Juniper grows on all peaks over 1500 m height. Siberian juniper, blackberry, blueberry, cranberry, spruce, and Lycopodium selago are typical species here. Green alder grows on the northern slope of Krasna mountain meadow, and extends to the west to the top of Menchul. Glukhania raised bog, located on the territory of the Negrovets PONDV, and Zamshatka sphagnum oligotrophic bog, where a number of rare species grow, are the interesting corners of the national park.
Endemic and subendemic species such as Telekia speciosa and Waldstein's thistle grow on the river terraces. The European meadow, the Traunsteiner spherical, the mountain arnica, and others are marked on the mountain meadows. Gerbich's encounter, and Ranunculus platanifolius are common on rocky placers, and tricolor violet is common on Polonyna meadows.
Round-leaved finger grass (Drosera rotundifolia L) grows in the national park on the sphagnum oligotrophic bogs of Glukhan and Zamshatka, and is one of the most interesting plants. This is a perennial herbaceous plant of the family of insectivorous finger grasses, and its height is 10-20 cm. It has the leaves with a transverse oval plate, and a long petiole. Flower stalks are thin, reddish, bending at the apex before flowering, as well as erect, and several times longer than its leaves. Its petals are white, lobed, 5-6 mm long, and about 3 mm wide. The surface of finger grass leaves is covered with numerous sticky glandular hairs, to which insects and other small invertebrates stick. Under the action of enzymes released, they are decomposed and assimilated by the plant.

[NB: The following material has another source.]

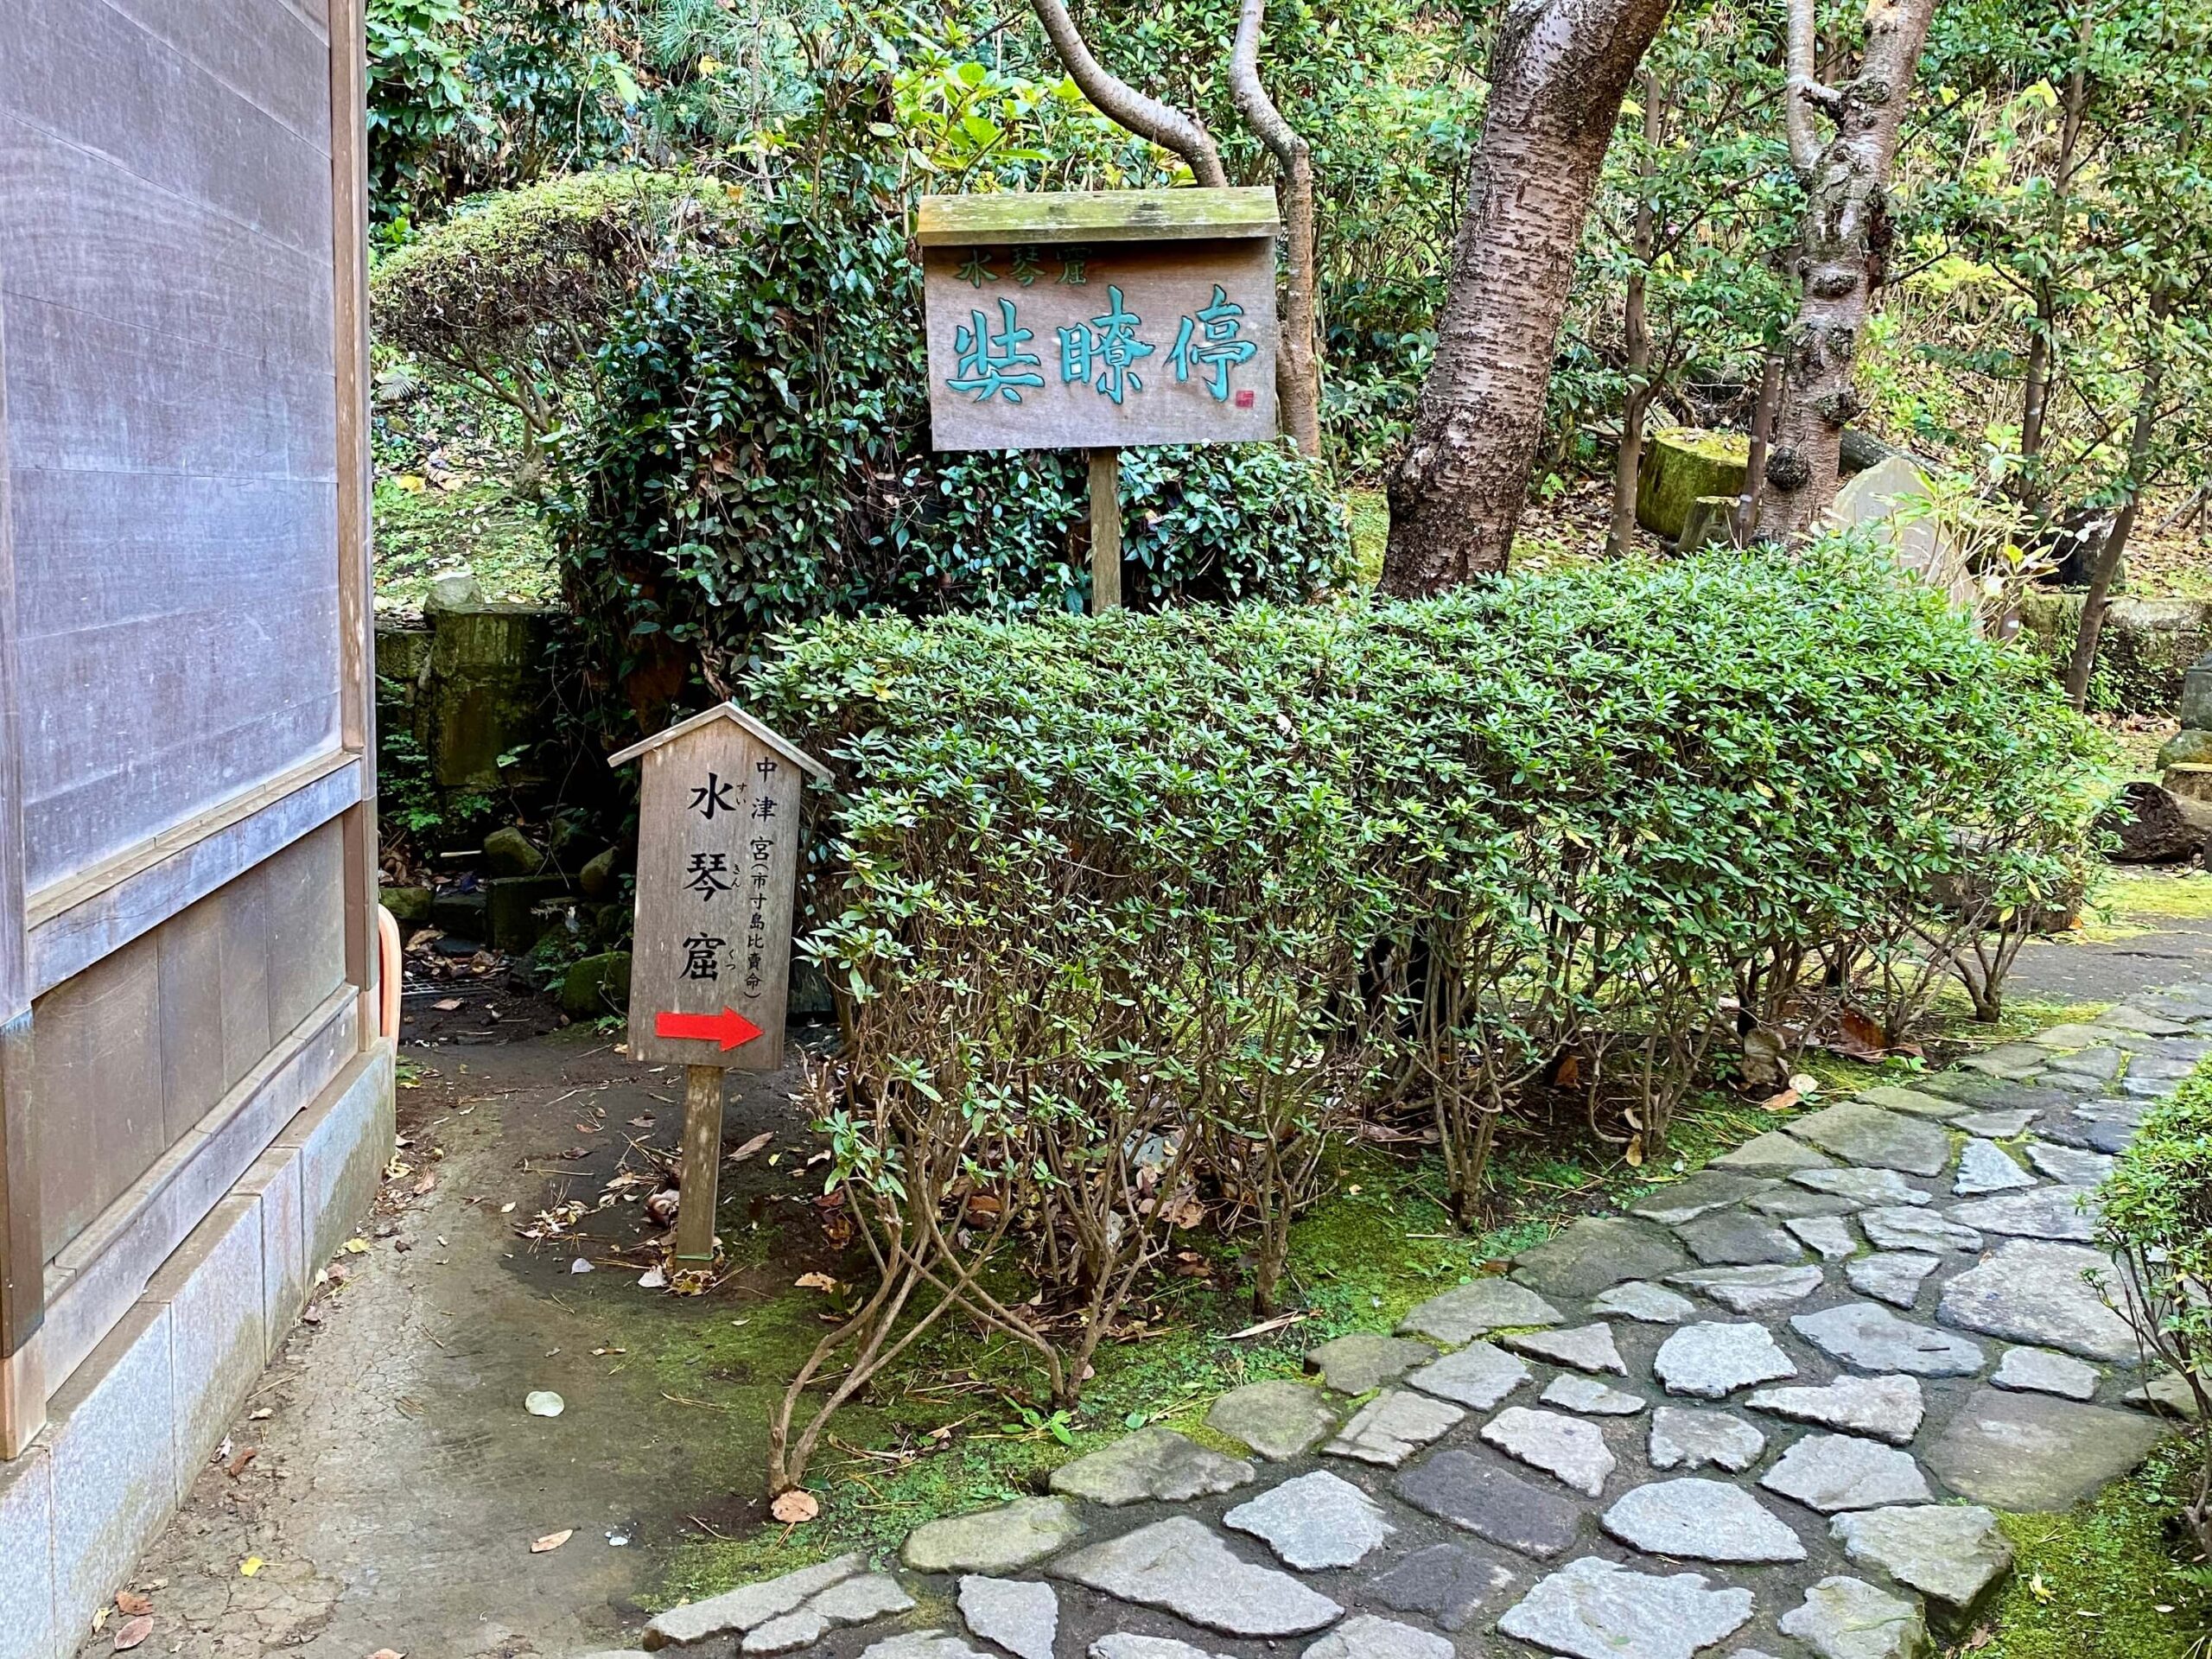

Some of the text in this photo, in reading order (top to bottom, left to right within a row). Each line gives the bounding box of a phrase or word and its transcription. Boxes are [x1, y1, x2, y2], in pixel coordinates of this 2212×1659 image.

[954, 246, 1092, 289] 水琴窟
[678, 772, 737, 982] 水琴窟

Bog cranberry (Oxycoccus microcarpus) - its fruit is a valuable product in the food industry and folk medicine. The berry dulls the development of microorganisms, microbes, and bacteria. It quickly heals burns and festering wounds. It has a beneficial effect on the cardiovascular system, as well as prevents the formation of blood clots, and kidney stones. Cranberries are used in case of colds. It has a beneficial effect on people with diabetes. Berry is a tonic, and also prevents the development of glaucoma.

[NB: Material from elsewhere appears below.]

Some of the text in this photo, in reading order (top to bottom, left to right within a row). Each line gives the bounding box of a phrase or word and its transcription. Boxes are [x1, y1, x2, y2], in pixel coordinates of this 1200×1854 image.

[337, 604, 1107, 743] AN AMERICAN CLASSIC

Cranberries form thickets on sphagnum bogs. On the territory of the Synevyr National Nature Park it grows on the oligotrophic bogs of Glukhan and Zamshatka, and is listed in the Red Book of Ukraine.

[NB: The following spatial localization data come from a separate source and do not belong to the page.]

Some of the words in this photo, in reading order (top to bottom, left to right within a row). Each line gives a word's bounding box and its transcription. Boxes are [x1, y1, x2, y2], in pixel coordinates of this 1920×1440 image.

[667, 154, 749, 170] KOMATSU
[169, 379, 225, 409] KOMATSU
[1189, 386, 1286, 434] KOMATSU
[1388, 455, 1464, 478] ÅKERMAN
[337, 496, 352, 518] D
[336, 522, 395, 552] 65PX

Turk's cap lily (Lilium martagon) is a perennial bulbous plant, one of the species of lily (Lilium) genus of the lily family. Turk's cap lily is the only species of lily that grows in Ukraine in the wild. It is listed in the Red Book of Ukraine. The park is protected on the outskirts of the wetland of Lake Synevyr, which meets the requirements of the Ramsar Convention, and is of international importance.
Heifel saffron (Crocus heuffelianus) is a perennial plant of the cockerel family. The species is listed in the Red Book of Ukraine. It is considered to be a valuable decorative culture. This herbaceous plant is 10-19 cm tall, geophyte, and spring ephemeroid. It grows in numerous continuous populations on the territory of the Synevyr National Nature Park in Kvasovka, Synevyr, Sukhar, Negrivets, Olshan, and Kolochava.